Thursday, August 11, 2022

 August 10, 2022 a thought for today, A day is long, but a lifetime is short. Russian Proverb

My first upload for yesterday was “I held this...”. It’s the quickest and easiest thing I could find for today. I have some holding my great grand kids but I got a complaint once earlier because the complainer said didn’t take the photo myself. It was taken be someone else although it could have been taken a with timed shot. 

A few days ago I had a message on the answer machine to call for a medial appointment with a specialist that I had questions about so I made an appointment with my family doctor to see if it was one I really needed to keep. It is actually a follow-up report from a problem a couple of years ago. I met with my family doctor early this morning and she said to keep the other appointment which is next month. There were some other simple tests I needed to take care of today too. 

My second upload for yesterday was from archives. I just felt in the mood for a bit of  nature.

Lowell came by last night and brought us the small refrigerator to use until the one with a problem is fixed. Sue and I had spent yesterday clearing out ours so that it will be completely cleaned and ready for restocking when we get the parts and reschedule an appointment for repairs. 

Have you had an assignment in school to present a specific type of item without adding creative touches to dress it up? That’s what I felt like when I picked this image for  “I wrote this.....” . I don’t write anything by hand any more, I use the typewriter or computer/printer. I do, however, hand write sticky notes to myself s, that kind of thing. So to complete this photo-of-the-day I picked an old recipe card from many years ago. It is not embellished, kind of ho hum but completed the “assignment called ‘I wrote this’. 

The temperatures outside have dropped. It feels like an indication that fall is peeking around the corner though we still have some summer left.

The Sudbury upload for today is this lone dwarf sunflower photo that I shot last summer. I don’t have any sunflowers this year. Somehow they all got destroyed last year. 

The word for today is daily. The true secret of happiness lies in taking a genuine interest in all the details of daily life. William Morris.  The sky is the daily bread of the eyes. Ralph Waldo Emerson.  Have courage for the great sorrows of life and patience for the small ones; and when you have laboriously accomplished your daily task, go to sleep in peace. Victor Hugo.  The true harvest of my daily life is somewhat as intangible and indescribably as the tints of morning or  evening. It is a little star-dust caught, a segment of the rainbow which I have clutched, Henry David Thoreau.  A daily portion is really all we need. We do not need tomorrow's supply, for that day has not yet dawned, and its needs are still unborn. Charles Spurgeon. I will prepare and some day my chance will come. Abraham Lincoln. An early-morning walk is a blessing for the whole day. Henry David Thoreau. A man is what he thinks about all day long. Ralph Waldo Emerson  Each day is the scholar of yesterday. Publilius Syrus. Each day provides its own gifts. Marcus Aurelius. Good character is not formed in a week or a month. It is created little by little, day by day. Protracted and patient effort is needed to develop good character. Heraclitus.  A word is dead when it is said, some say. I say it just begins to live that day. Emily Dickinson. To thine own self be true, and it must follow, as the night the day, thou canst not then be false to any man. William Shakespeare.  Begin at once to live, and count each separate day as a separate life. Seneca.  He, who every morning plans the transactions of the day, and follows that plan, carries a thread that will guide him through a labyrinth of the most busy life. Victor Hugo. 
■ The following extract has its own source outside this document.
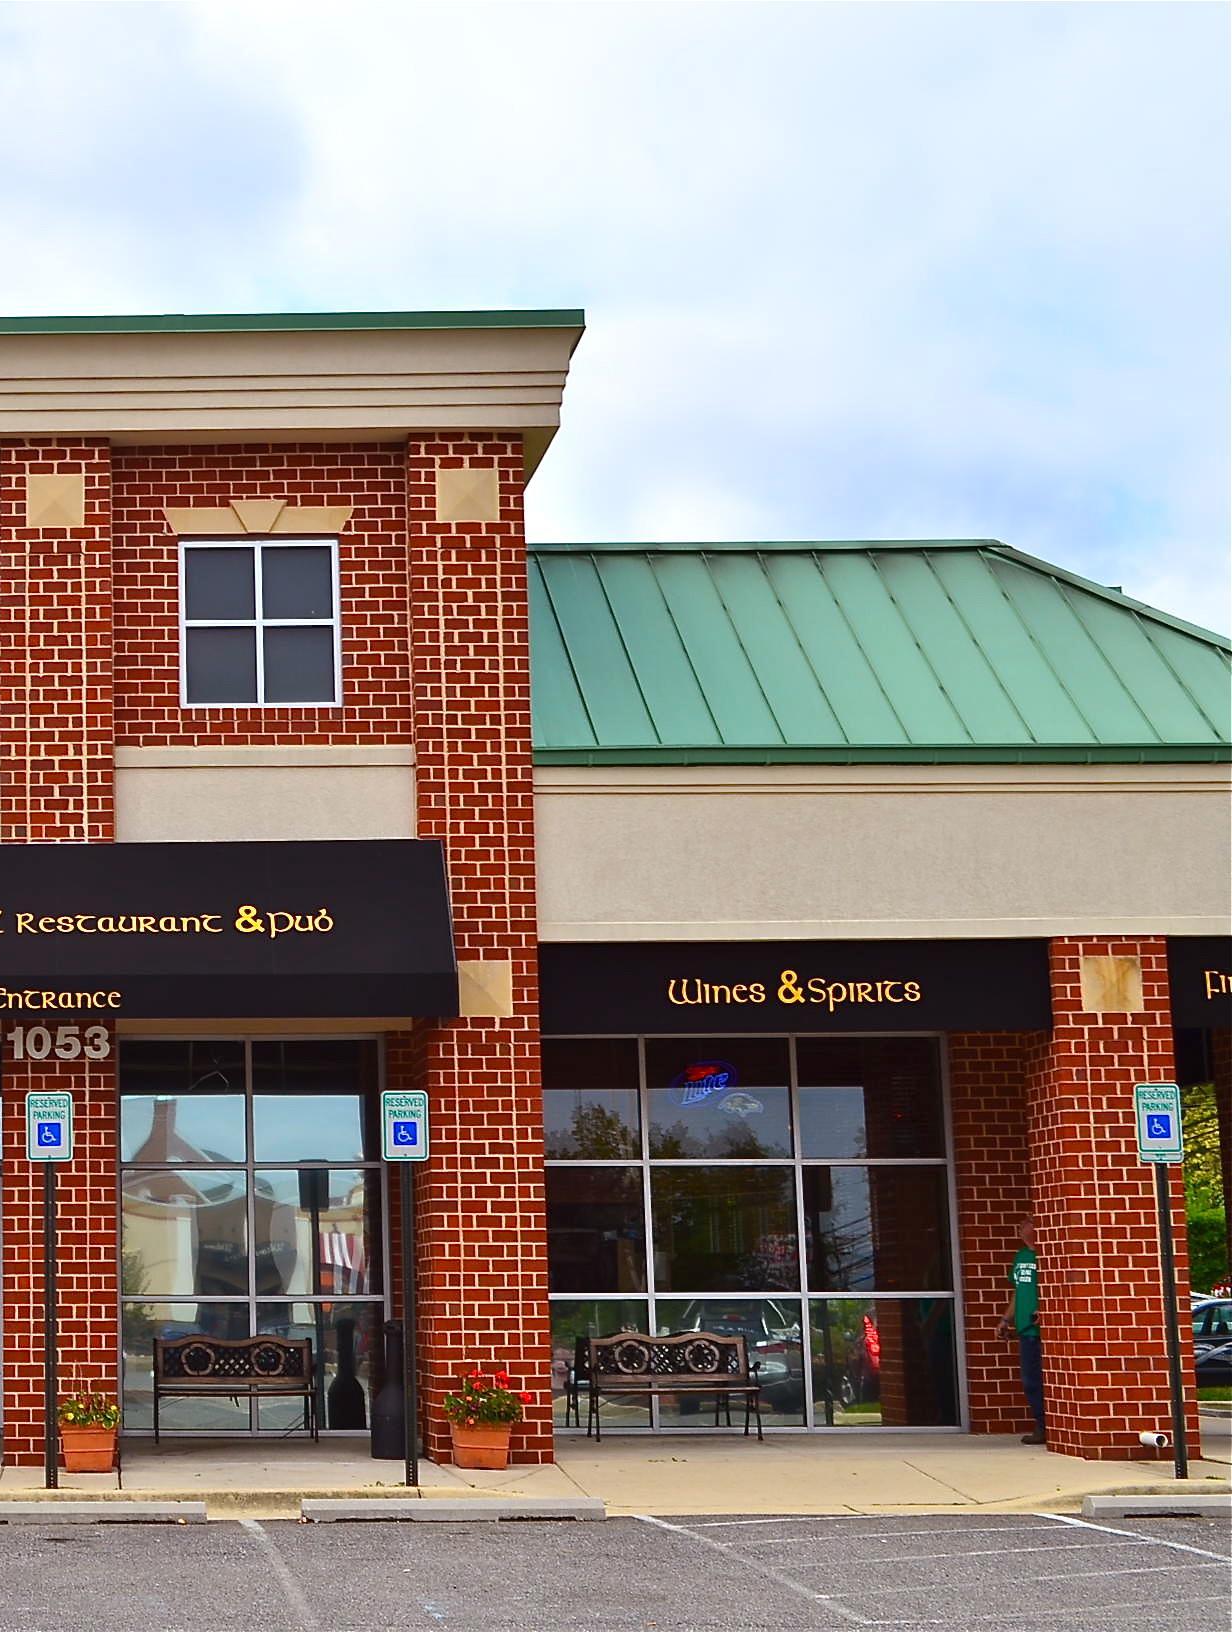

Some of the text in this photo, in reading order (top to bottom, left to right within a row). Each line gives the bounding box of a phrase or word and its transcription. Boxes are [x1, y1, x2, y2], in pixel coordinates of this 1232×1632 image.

This is one of those days when I had a third upload for the day. This one is titled “curves and/or diagonal lines”. The sheet of trellis material was perfect for the diagonal idea. 
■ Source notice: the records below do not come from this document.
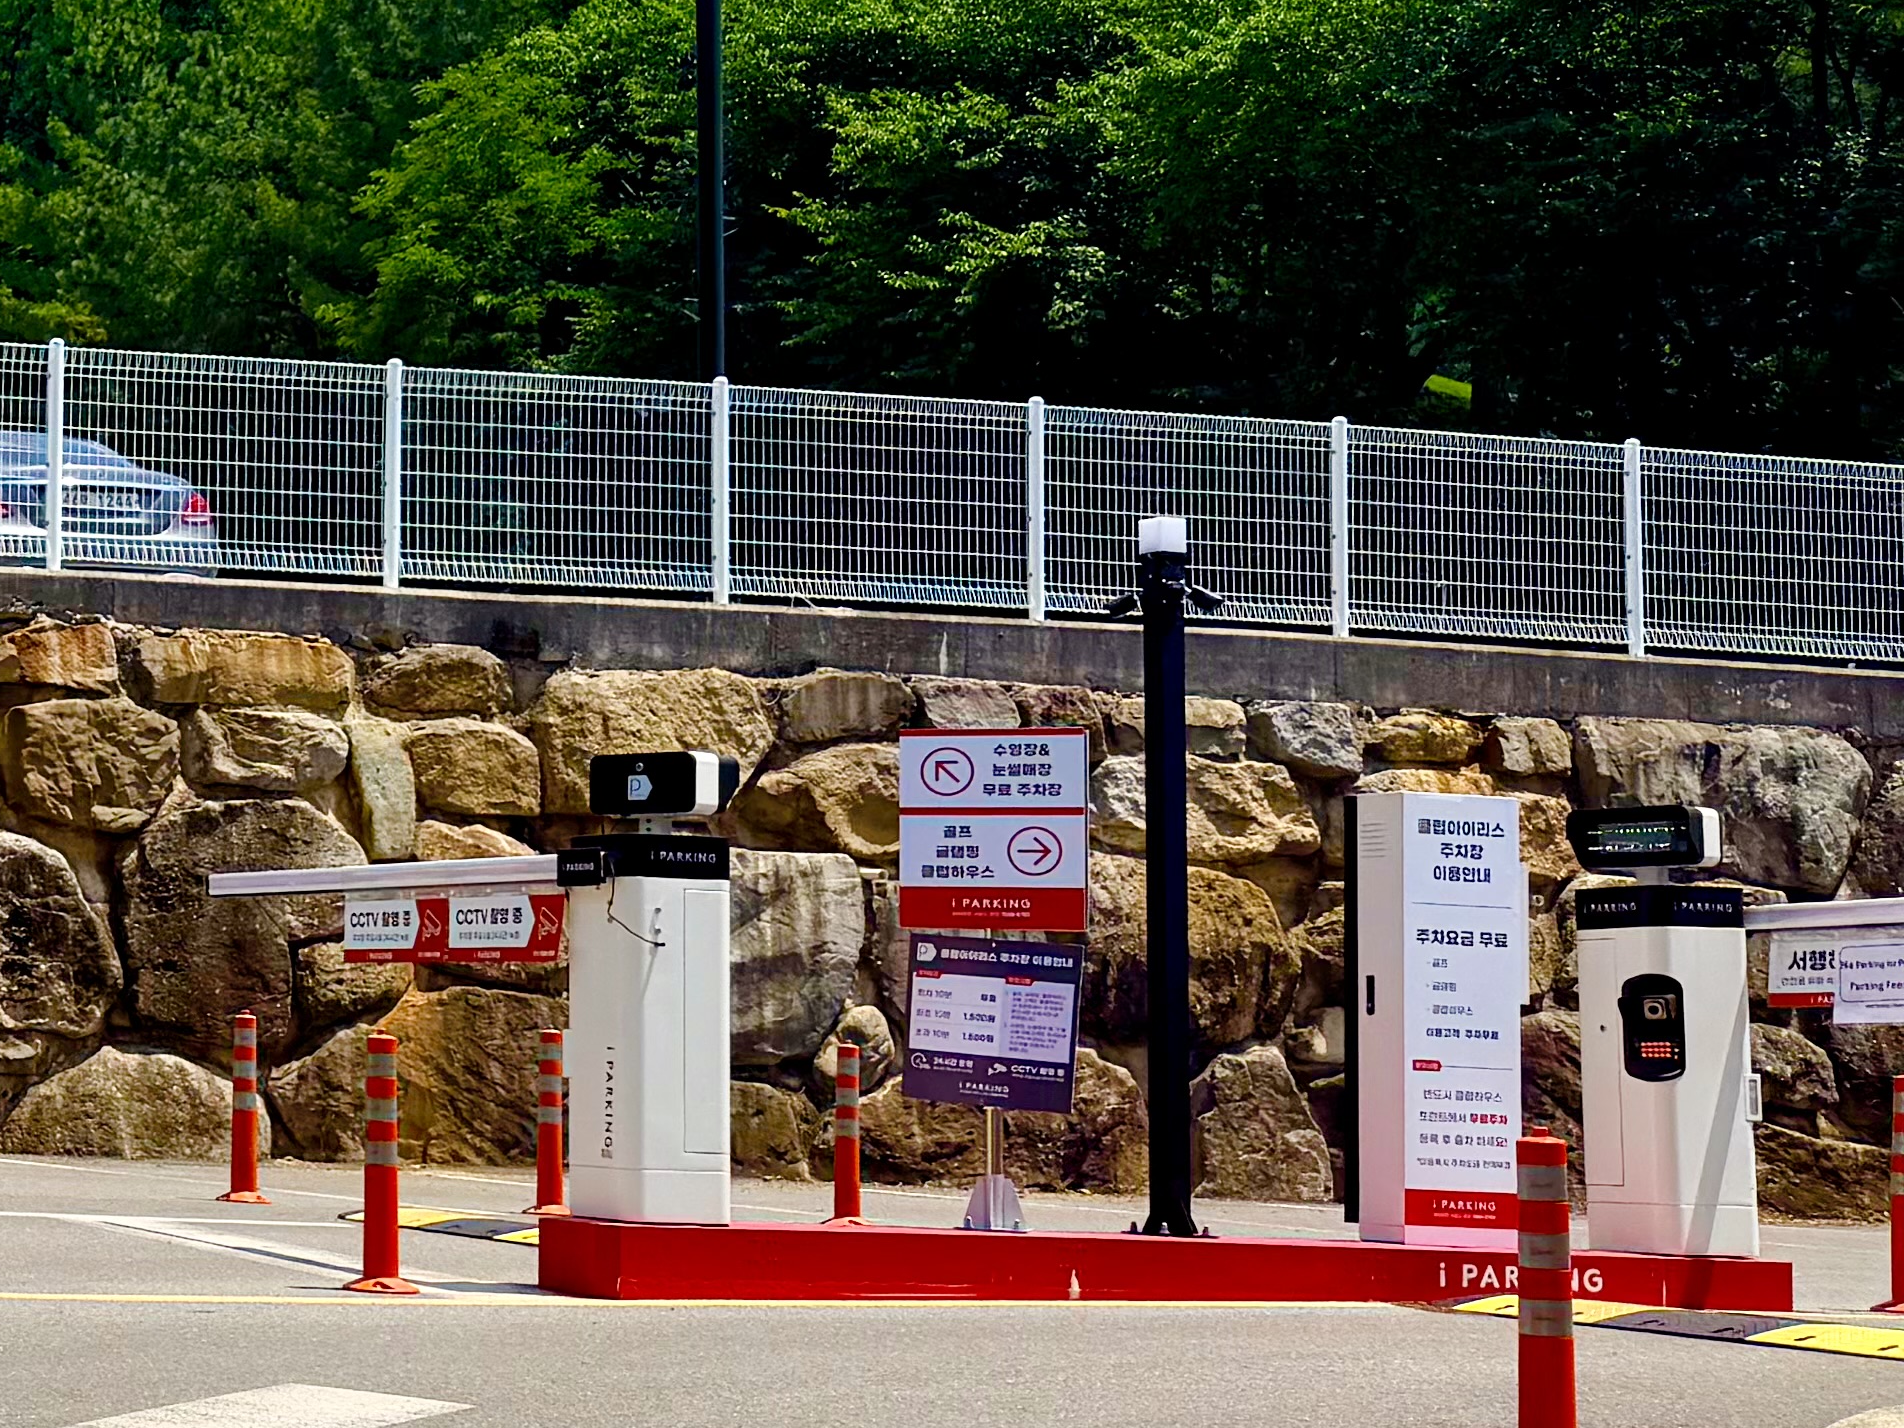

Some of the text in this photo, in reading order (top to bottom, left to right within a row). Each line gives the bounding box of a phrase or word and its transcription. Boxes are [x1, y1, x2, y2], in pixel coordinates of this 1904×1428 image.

[993, 743, 1050, 757] 수영장&
[983, 783, 1062, 797] 무료 주차장
[659, 851, 717, 864] PARKING
[1440, 842, 1483, 860] 주차장
[1433, 865, 1491, 883] 이용안내
[962, 898, 1031, 909] PARKING
[350, 912, 379, 928] CCTV
[456, 908, 488, 925] CCTV
[1416, 928, 1508, 948] 주차요금 무료
[604, 1061, 614, 1148] PARKING
[1442, 1200, 1496, 1211] PARKING
[1440, 1262, 1603, 1293] i PARG
I go by empty and boarded up buildings and have often wondered why they are left empty for extended periods of time. This article may give a bit of a hint. This article is discussing a particular office building at East Broad Street and Grant Avenue that was set to be demolished but the plan was rejected. Apparently some believe that Downtown would be better off with an empty office building than a grass-covered lot. According to the article the owners wanted the building torn down after “determining it could not be renovated”. Some of the terminology went like this: "This building essentially is an obsolete shell presenting a number of challenges.....it fails to capture the site’s potential for greater density in a prominent gateway location at the intersection of Broad Street and Grant Avenue".  One of the earlier proposals for the site was replacing it with a six-story apartment building, that one didn't work out.  The building in question was built in 1950, renovated in 1986 then was empty and became “significantly deteriorated”. Another plan has been to “replace it was a grass -covered lot’ to allow time to plan another building for the site. The Downtown Commission does not like “to approve demolishing buildings without a clear plan to replace them”. They reconsider that idea when the building is considered unsafe. Some feel that it is better to plant the sight of the demolished building with grass rather than leave it vacant or use as a parking lot. 

We are going to meet at Red Lobster for Rebecca’s birthday dinner.